Il piano iniziale, però, non è stato accettato da tutti gli Stati. A opporsi, in particolare, sono stati i cosiddetti ‘Paesi frugali’, ovvero gli Stati che hanno una posizione di maggior contenimento del bilancio europeo (Danimarca, Svezia, Paesi Bassi e Austria), che avrebbero voluto abbassare il totale del fondo e, soprattutto, cancellare gli aiuti a fondo perduto. Alla fine per l’approvazione di questo salvagente è stato necessario un compromesso.

il raggiungimento dell'intesa

Il Recovery Fund approvato dopo il vertice più lungo nella storia dell’Unione Europea prevede ancora lo stanziamento di 750 miliardi destinati ai Paesi colpiti dalla crisi economica, ma suddivisi in modo diverso: 360 miliardi di prestiti da restituire entro il 2058, più 390 miliardi sotto forma di sovvenzioni, che non dovranno essere ripagati dagli Stati destinatari.

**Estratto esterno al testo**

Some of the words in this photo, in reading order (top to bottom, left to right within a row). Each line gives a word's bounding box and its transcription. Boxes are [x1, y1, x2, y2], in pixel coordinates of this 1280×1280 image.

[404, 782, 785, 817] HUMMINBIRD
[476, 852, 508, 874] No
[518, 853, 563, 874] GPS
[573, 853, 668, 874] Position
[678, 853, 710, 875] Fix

Il finanziamento del fondo avverrà attraverso l’emissione di bond pluriennali da parte della Commissione Europea: in pratica, un debito comune europeo garantito da tutti gli Stati.

Il ‘freno d’emergenza’

Gli accordi prevedono che nessuno Stato possa avere diritto di vero rispetto all’erogazione dei fondi, ma ammettono comune una sorta di ‘freno d’emergenza’, che in alcuni casi permetterà ai Paesi membri di chiedere di approfondire in sede di vertice Ue se gli impegni sulle riforme di un altro Stato sono stati rispettati.

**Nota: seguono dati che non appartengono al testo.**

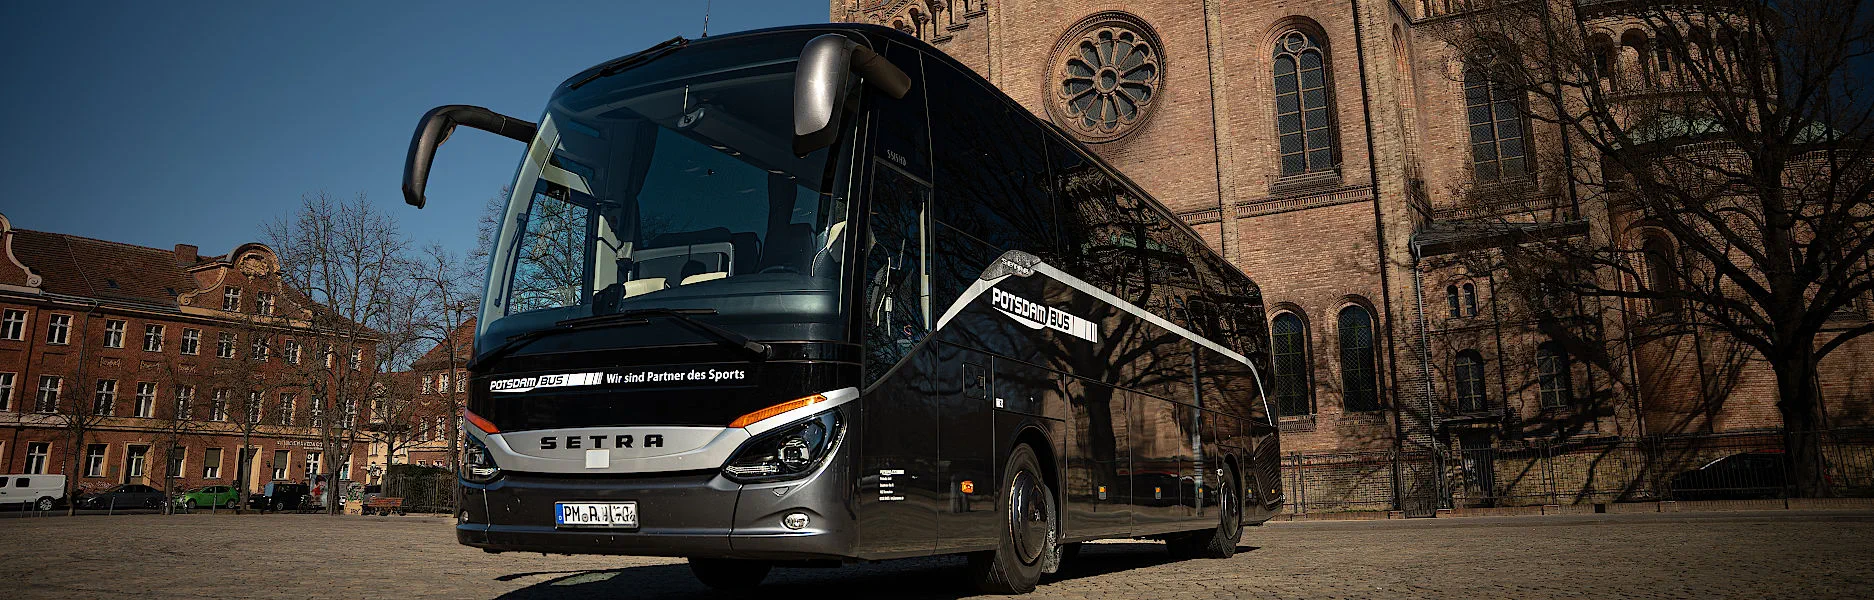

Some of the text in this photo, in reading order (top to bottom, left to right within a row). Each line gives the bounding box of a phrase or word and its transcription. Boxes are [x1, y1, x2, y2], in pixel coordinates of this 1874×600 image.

[992, 287, 1070, 331] POTSDAM BUS
[490, 369, 745, 391] POTSDAM BUS Wir sind Partner des Sports
[540, 434, 664, 450] SETRA
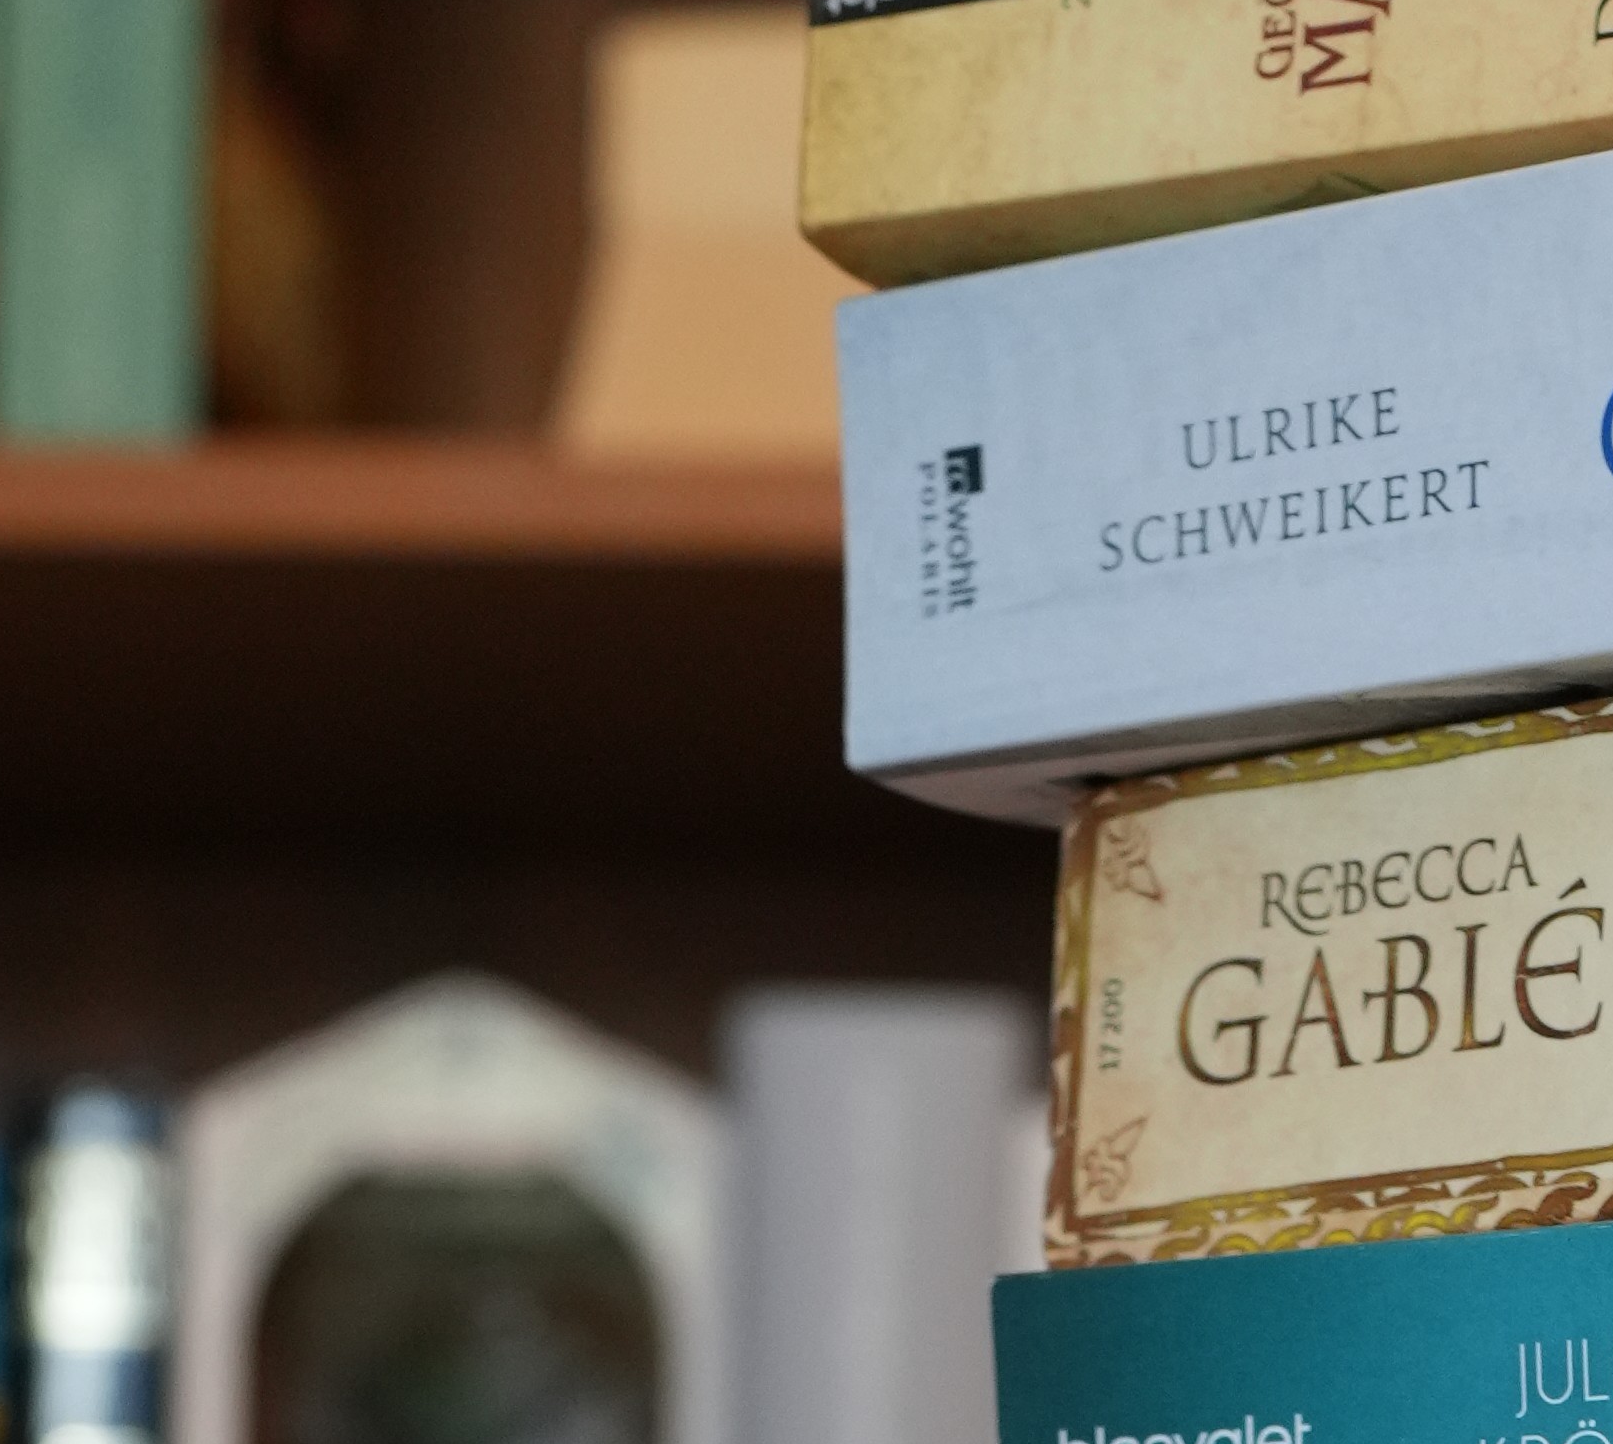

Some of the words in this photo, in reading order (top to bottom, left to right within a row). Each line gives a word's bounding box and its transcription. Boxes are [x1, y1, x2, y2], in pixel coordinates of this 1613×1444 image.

[1180, 388, 1401, 471] ULRIKE
[1098, 459, 1491, 573] SCHWEIKERT
[1260, 833, 1540, 937] REBECCA
[1176, 877, 1605, 1087] GABLÉ

La somma ottenuta dall’Italia

L’Italia avrà a disposizione 209 miliardi: 82 di sussidi e 127 di prestiti, molti di più rispetto alla proposta iniziale della Commissione Ue, che prevedeva per il nostro Paese 173 miliardi (82 di aiuti e 91 di prestiti). Il 70% di questa cifra sarà impegnata nel 2021-2022, mentre il restante 30% verrà distribuito entro il 2023. Come detto, il debito complessivo dovrà essere ripagato dall’Ue entro il 2058, con il coinvolgimento di tutti i Paesi. L’Italia non dovrà solo restituire il prestito di 127 miliardi, ma anche partecipare al rimborso dei 390 miliardi erogati a fondo perduto: nel corso di 31 anni (a partire dal 2028, come da accordi) arriverà a contribuire con 55 miliardi propri.

 

Le condizioni di erogazione

Le erogazioni saranno condizionate alle riforme che il Paese dovrà effettuare, coerenti con le priorità europee (Green Deal e digitalizzazione) e con le raccomandazioni che la Commissione invia ai singoli Stati anno per anno: da qui la possibilità di usare il ‘freno d’emergenza’, espressamente richiesta dai Paesi frugali.

Differenza tra Recovery Fund e Mes

Il MES (Meccanismo Europeo di Stabilità), comunemente chiamato fondo salva-Stati, nasce con l’obiettivo di garantire prestiti emergenziali ai Paesi dell’Eurozona che affrontano una crisi e rischiano il default. Può sembrare simile al Recovery Fund, ma in realtà è molto diverso, visto che quest’ultimo non agisce solo attraverso prestiti ma anche con sussidi a fondo perduto. Inoltre, mentre il Mes sottostà al controllo dei singoli Stati membri (è un trattato intergovernativo), al Recovery Fund promosso dalla Commissione Ue, che rientra nel diritto comunitario, aderiscono tutti i Paesi Ue (anche quelli che non hanno adottato l’euro).